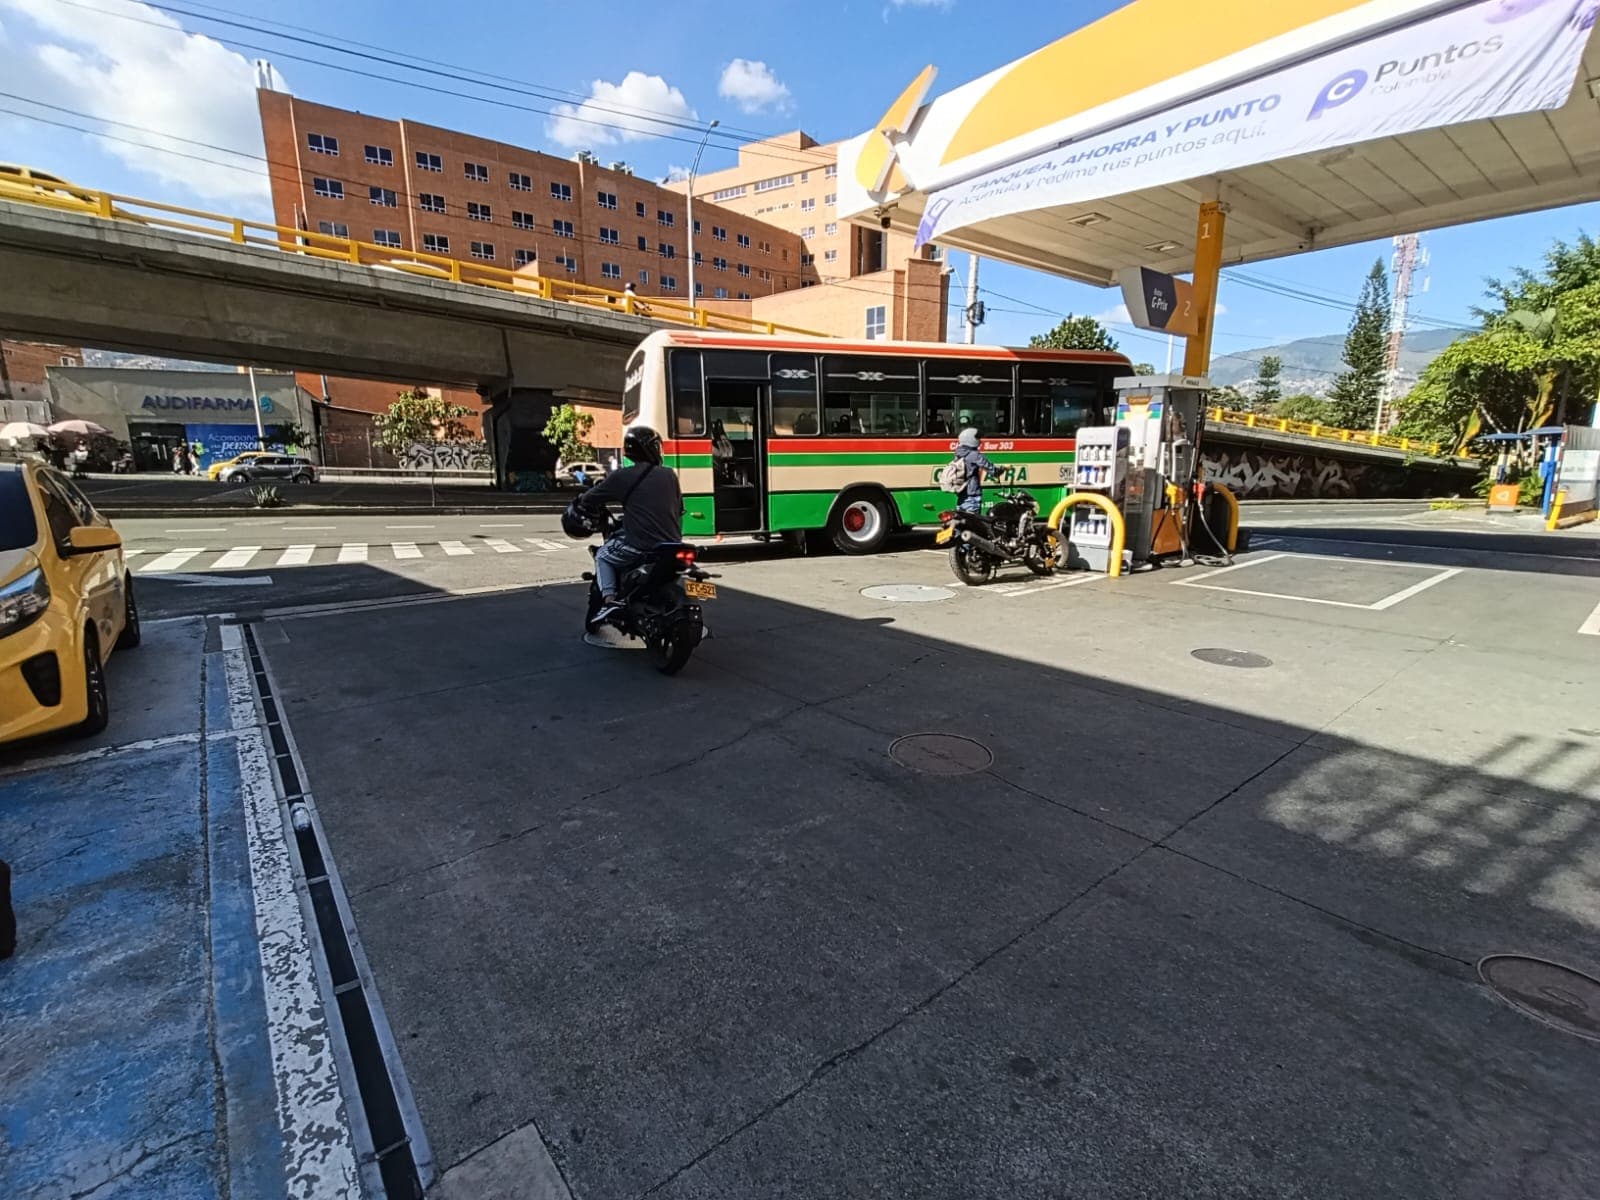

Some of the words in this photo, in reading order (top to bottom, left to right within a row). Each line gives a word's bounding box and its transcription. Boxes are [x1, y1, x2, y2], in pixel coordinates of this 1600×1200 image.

[1374, 35, 1505, 82] Puntos
[970, 161, 1058, 192] TANQUEA,
[1062, 130, 1157, 166] AHORRA
[1165, 121, 1181, 138] Y
[1183, 94, 1282, 133] PUNTO
[960, 180, 1020, 205] Acumula
[1036, 166, 1098, 187] redime
[1102, 157, 1132, 173] tus
[1134, 137, 1208, 168] puntos
[1201, 222, 1211, 239] 1
[1183, 300, 1192, 317] 2
[141, 395, 256, 411] AUDIFARMA

● **Required work**
When you write out the material, keep every line exact and leave out each picture.

● **Written response**
Some of the words in this photo, in reading order (top to bottom, left to right within a row). Each line gives a word's bounding box and its transcription. Boxes are [x1, y1, x2, y2], in pixel coordinates of this 1600×1200 image.

[1374, 35, 1505, 82] Puntos
[970, 161, 1058, 192] TANQUEA,
[1062, 130, 1157, 166] AHORRA
[1165, 121, 1181, 138] Y
[1183, 94, 1282, 133] PUNTO
[960, 180, 1020, 205] Acumula
[1036, 166, 1098, 187] redime
[1102, 157, 1132, 173] tus
[1134, 137, 1208, 168] puntos
[1201, 222, 1211, 239] 1
[1183, 300, 1192, 317] 2
[141, 395, 256, 411] AUDIFARMA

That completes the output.